[THE TASK]:
Could you return all of the records exactly, minus their images?

(Records contained in a dataset)
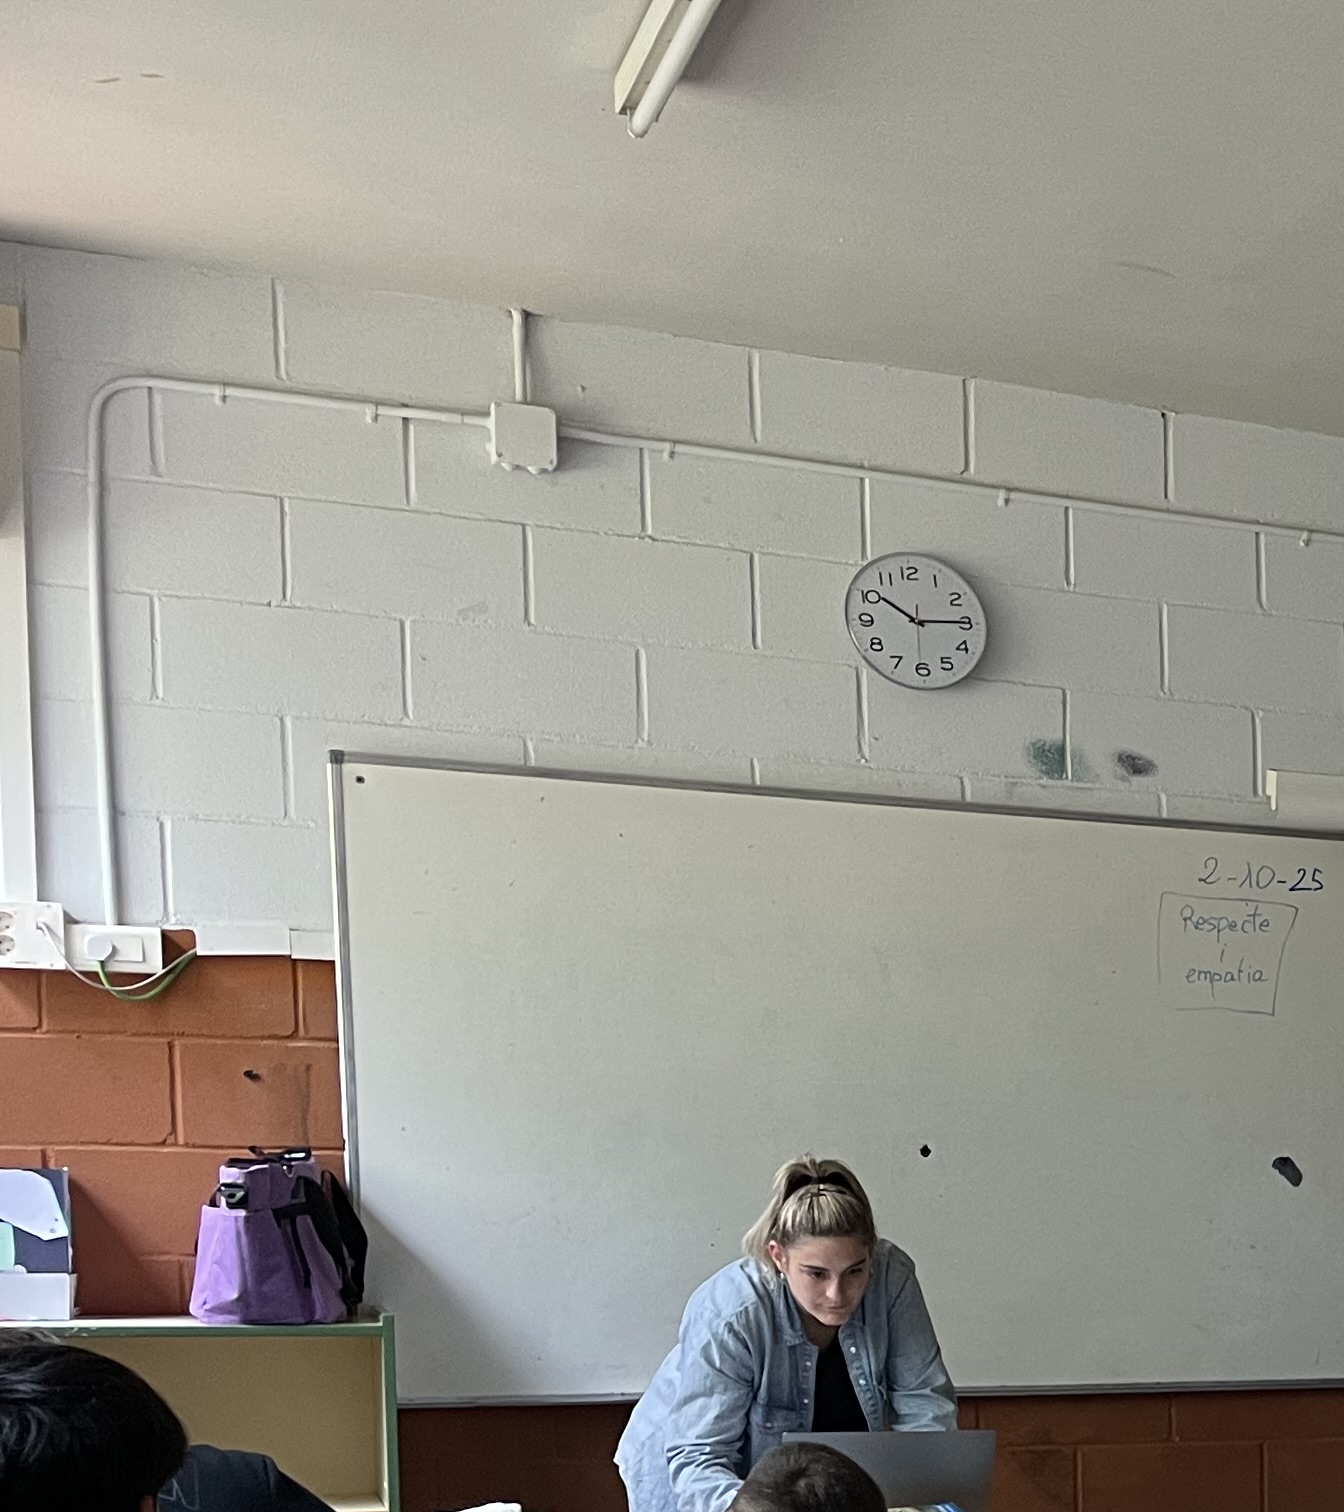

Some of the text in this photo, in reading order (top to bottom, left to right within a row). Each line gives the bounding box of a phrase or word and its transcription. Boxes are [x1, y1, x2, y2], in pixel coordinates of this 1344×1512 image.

[879, 571, 893, 587] 11
[900, 566, 919, 581] 12
[933, 574, 938, 588] 1
[861, 590, 881, 604] 10
[949, 592, 963, 607] 2
[858, 612, 874, 627] 9
[959, 616, 973, 631] 3
[870, 637, 884, 652] 8
[955, 640, 969, 654] 4
[889, 655, 903, 670] 7
[915, 662, 931, 677] 6
[940, 657, 954, 671] 5
[1198, 856, 1324, 892] 2-10-25
[1180, 903, 1271, 944] Respecte
[1220, 943, 1228, 963] i
[1185, 958, 1269, 1002] empatia
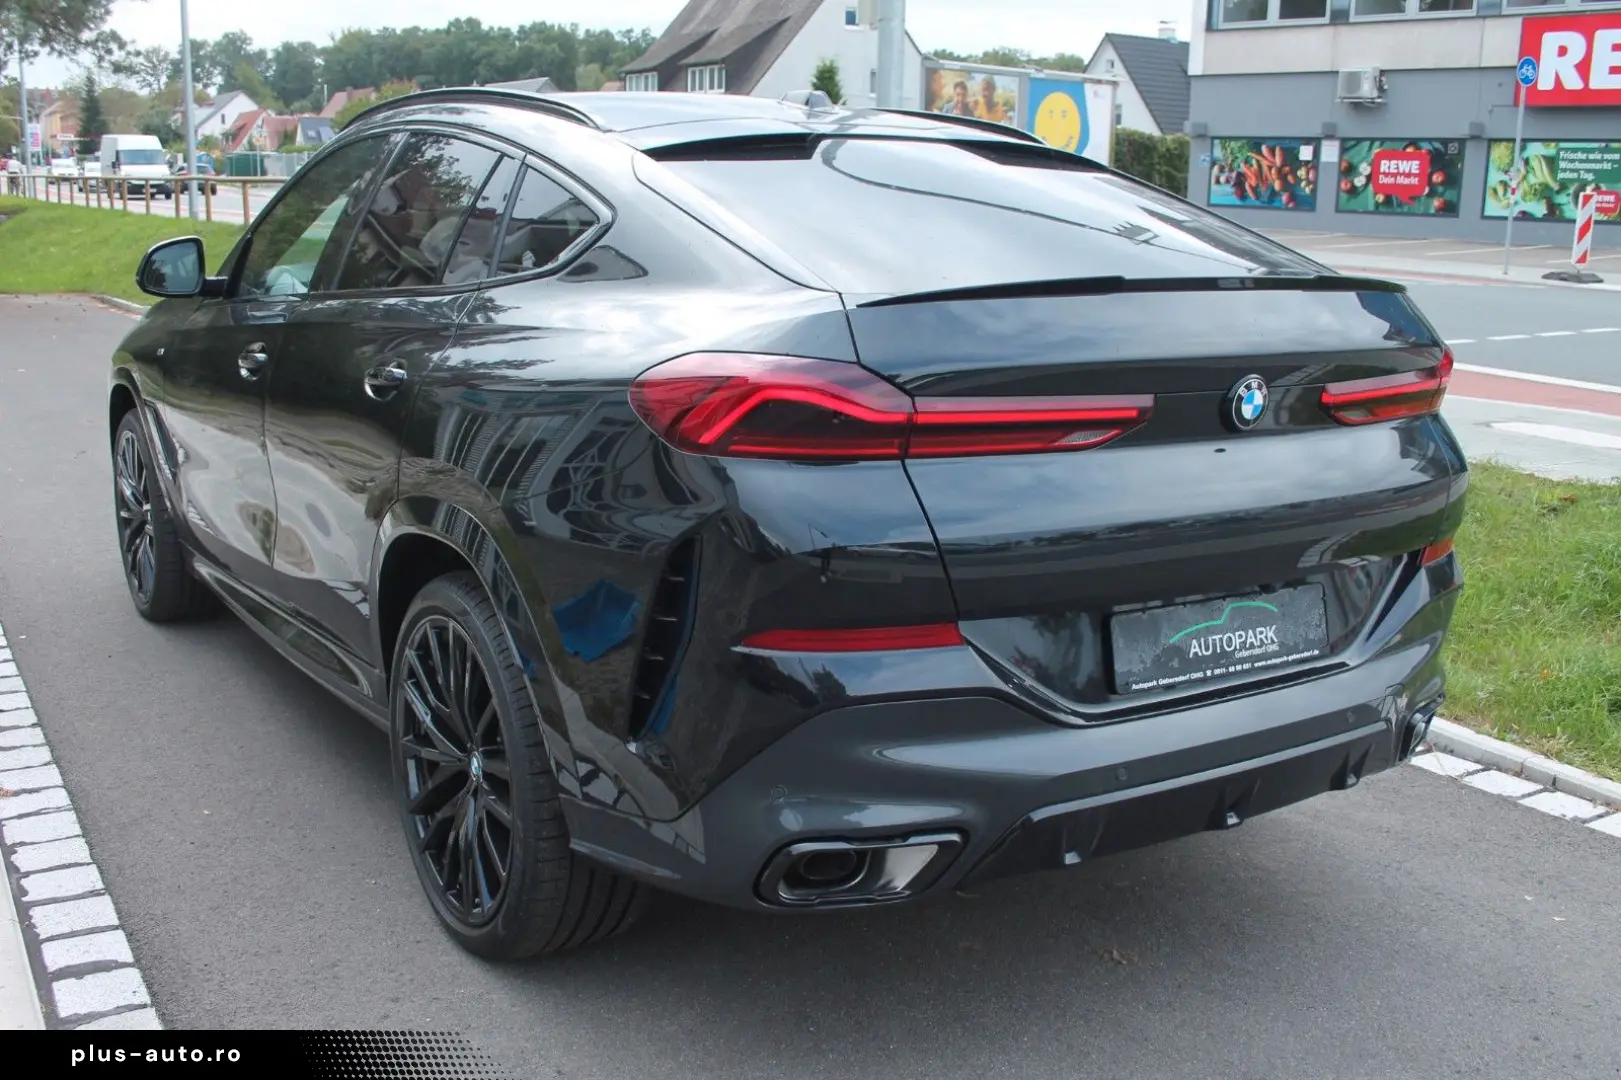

[OUTPUT BELOW]:
Some of the text in this photo, in reading order (top to bottom, left to right within a row). Each line gives the bounding box of a phrase or word and its transcription. Boxes are [x1, y1, x2, y2], in pixel coordinates of this 1344×1512 image.

[879, 571, 893, 587] 11
[900, 566, 919, 581] 12
[933, 574, 938, 588] 1
[861, 590, 881, 604] 10
[949, 592, 963, 607] 2
[858, 612, 874, 627] 9
[959, 616, 973, 631] 3
[870, 637, 884, 652] 8
[955, 640, 969, 654] 4
[889, 655, 903, 670] 7
[915, 662, 931, 677] 6
[940, 657, 954, 671] 5
[1198, 856, 1324, 892] 2-10-25
[1180, 903, 1271, 944] Respecte
[1220, 943, 1228, 963] i
[1185, 958, 1269, 1002] empatia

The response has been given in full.